- _Work instruction_: The response should consist solely of the lines running from the line with "this 2048×1536 image." to the end of the data, retyped exactly.

- _Collection entries_:

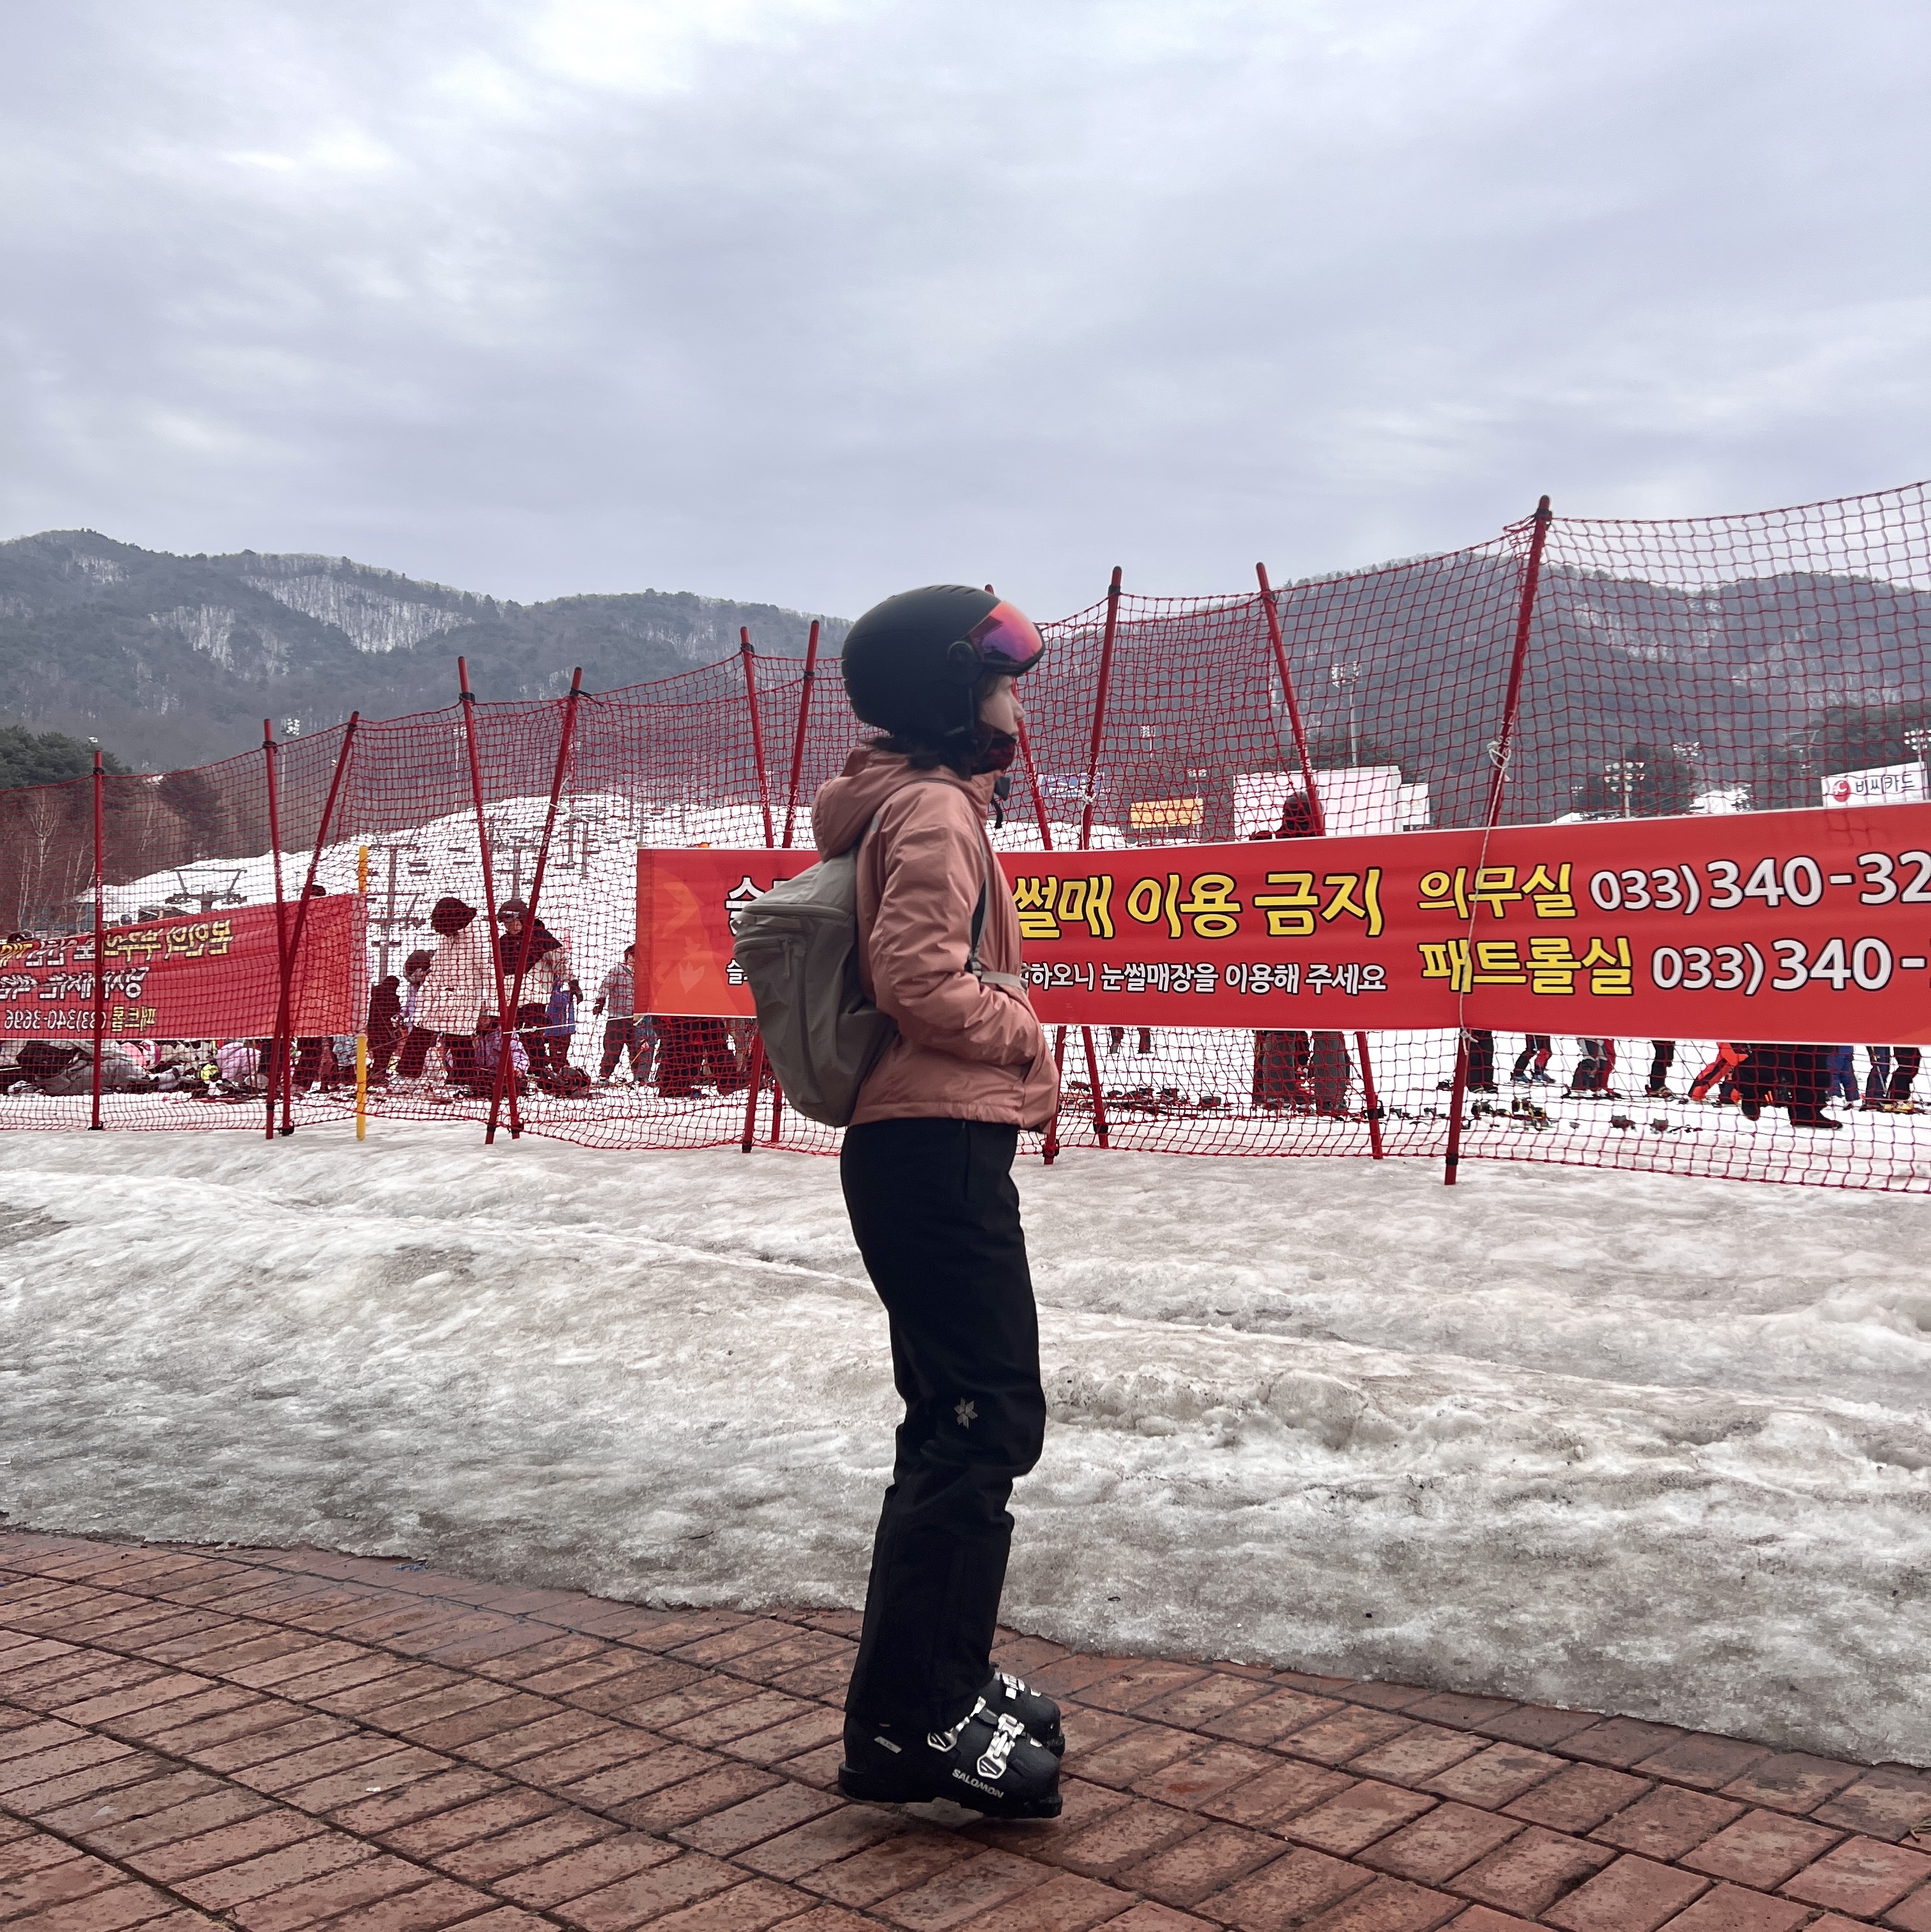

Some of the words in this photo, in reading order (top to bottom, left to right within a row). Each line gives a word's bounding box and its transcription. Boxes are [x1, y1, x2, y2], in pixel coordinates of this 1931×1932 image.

[1856, 774, 1915, 794] 비씨카드
[1012, 875, 1114, 938] 썰매
[1127, 873, 1242, 939] 이용
[1253, 868, 1383, 937] 금지
[1417, 863, 1578, 919] 의무실
[1101, 963, 1219, 993] 눈썰매장을
[1225, 963, 1299, 994] 이용해
[1305, 963, 1386, 994] 주세요
[1418, 937, 1633, 994] 패트롤실
[952, 1768, 1005, 1799] SALOMON
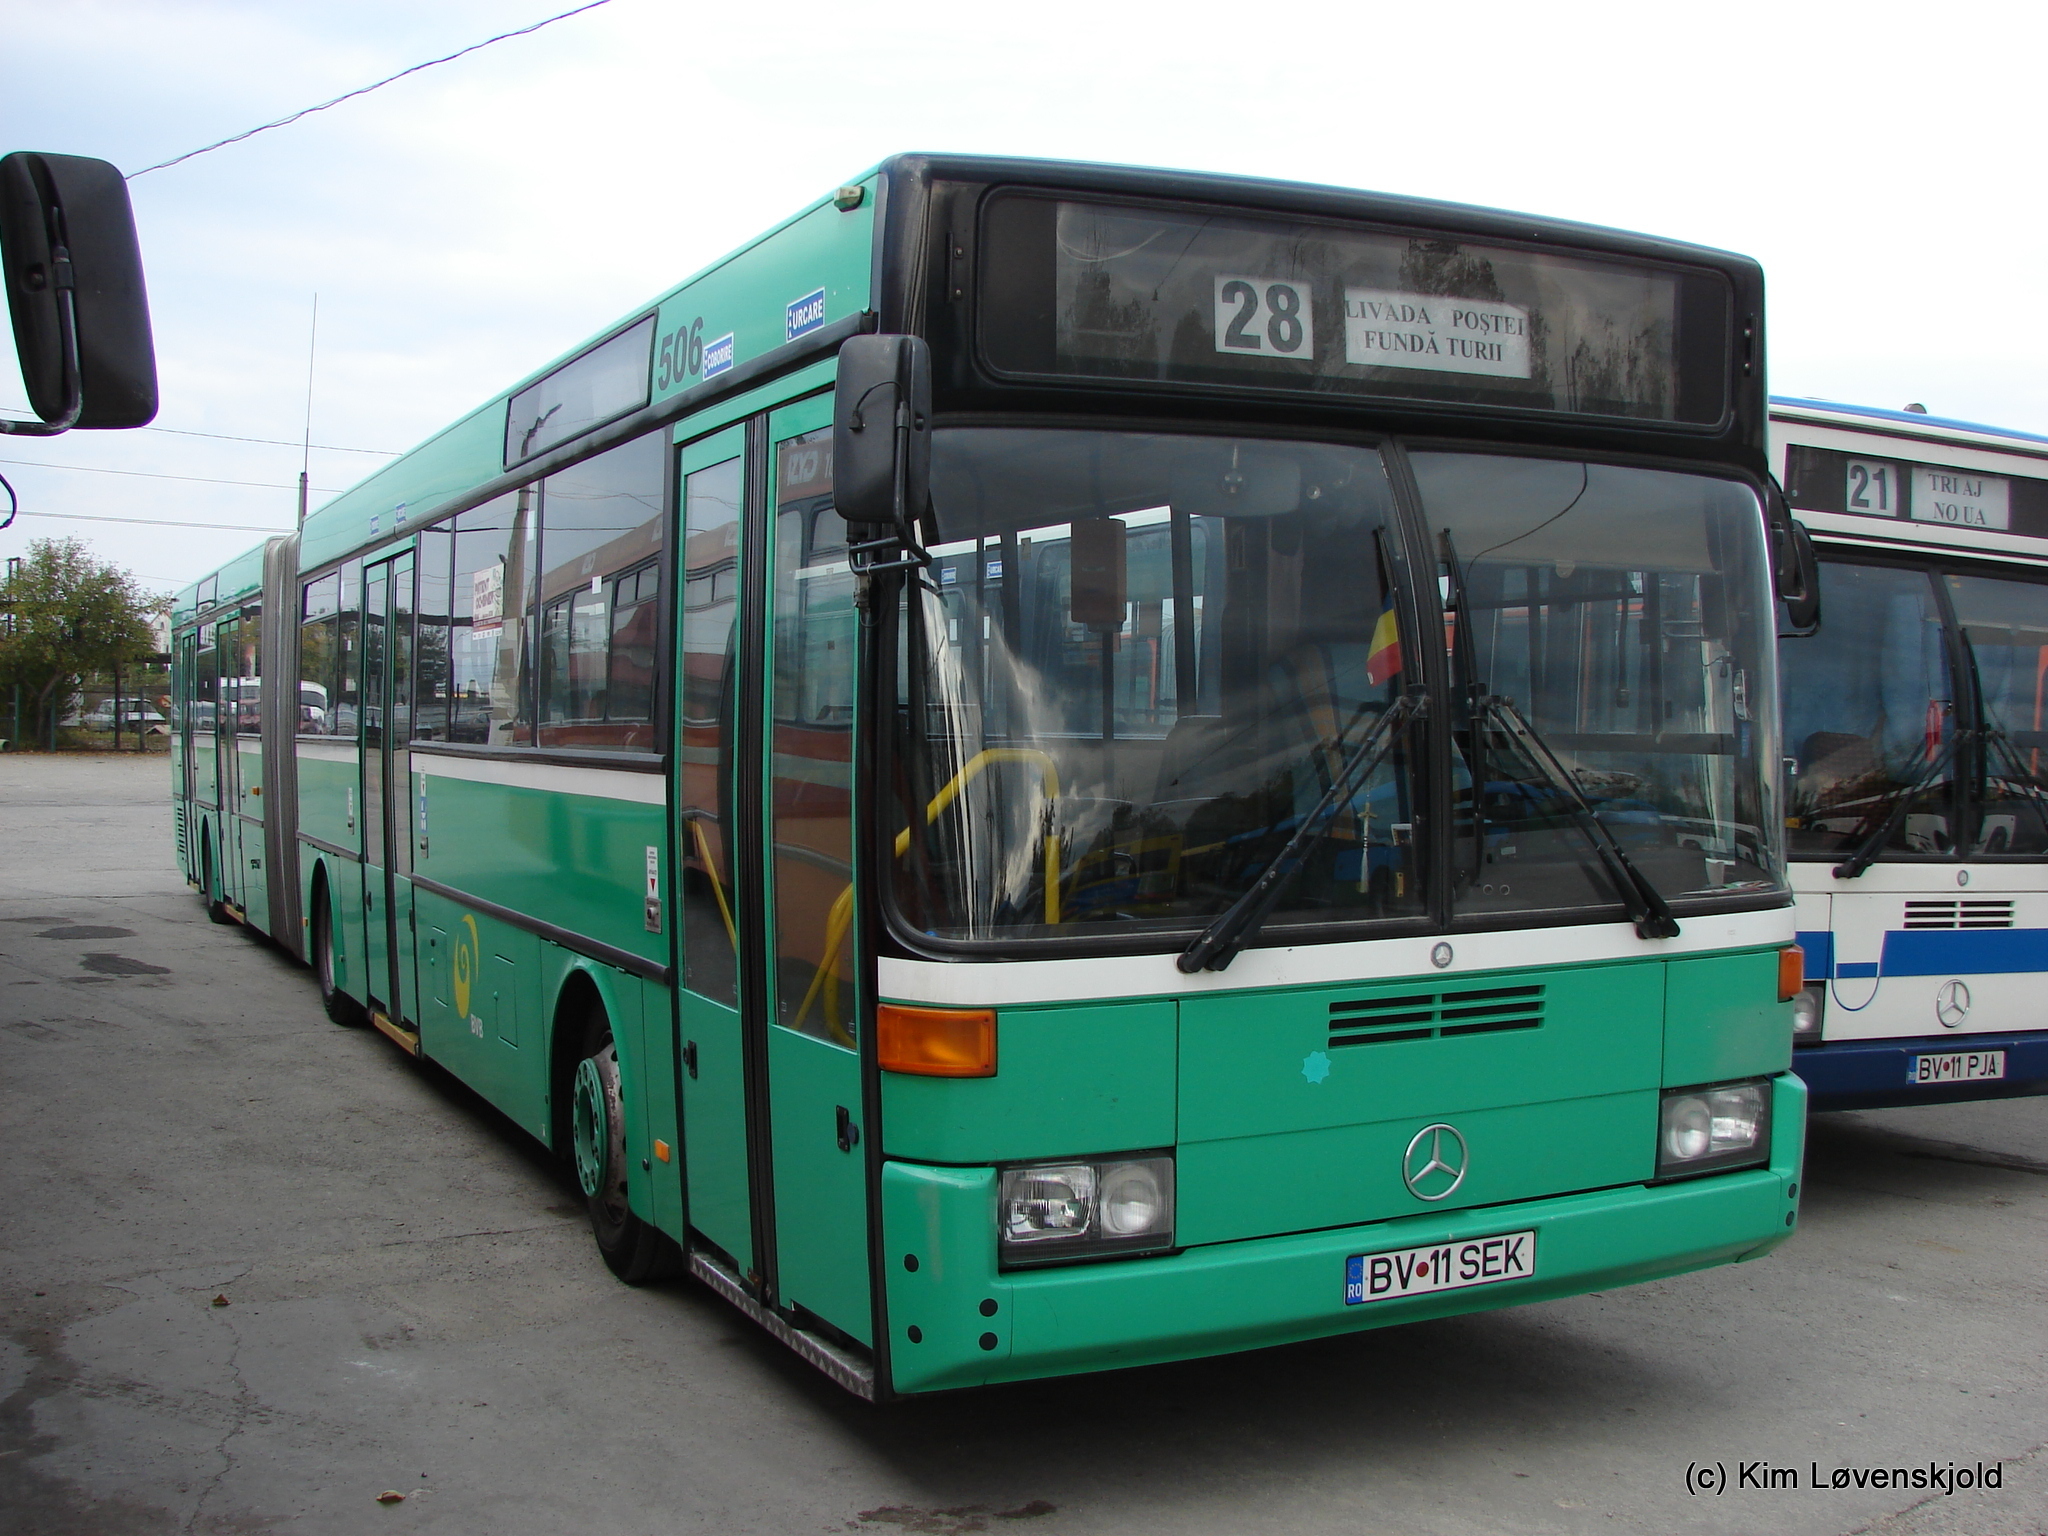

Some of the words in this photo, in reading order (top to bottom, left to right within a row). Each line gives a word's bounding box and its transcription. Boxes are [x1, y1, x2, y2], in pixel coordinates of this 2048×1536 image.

[792, 299, 823, 330] URCARE
[1221, 280, 1303, 353] 28
[1345, 299, 1431, 325] LIVADA
[658, 316, 704, 391] 506
[1364, 329, 1440, 355] FUNDĂ
[1446, 337, 1502, 362] TURII
[1850, 464, 1887, 511] 21
[1967, 1054, 1996, 1077] PJA
[1459, 1236, 1524, 1280] SEK
[1348, 1283, 1362, 1298] RO

- _Reply to the task_:
Some of the words in this photo, in reading order (top to bottom, left to right within a row). Each line gives a word's bounding box and its transcription. Boxes are [x1, y1, x2, y2], in pixel coordinates of this 2048×1536 image.

[792, 299, 823, 330] URCARE
[1221, 280, 1303, 353] 28
[1345, 299, 1431, 325] LIVADA
[658, 316, 704, 391] 506
[1364, 329, 1440, 355] FUNDĂ
[1446, 337, 1502, 362] TURII
[1850, 464, 1887, 511] 21
[1967, 1054, 1996, 1077] PJA
[1459, 1236, 1524, 1280] SEK
[1348, 1283, 1362, 1298] RO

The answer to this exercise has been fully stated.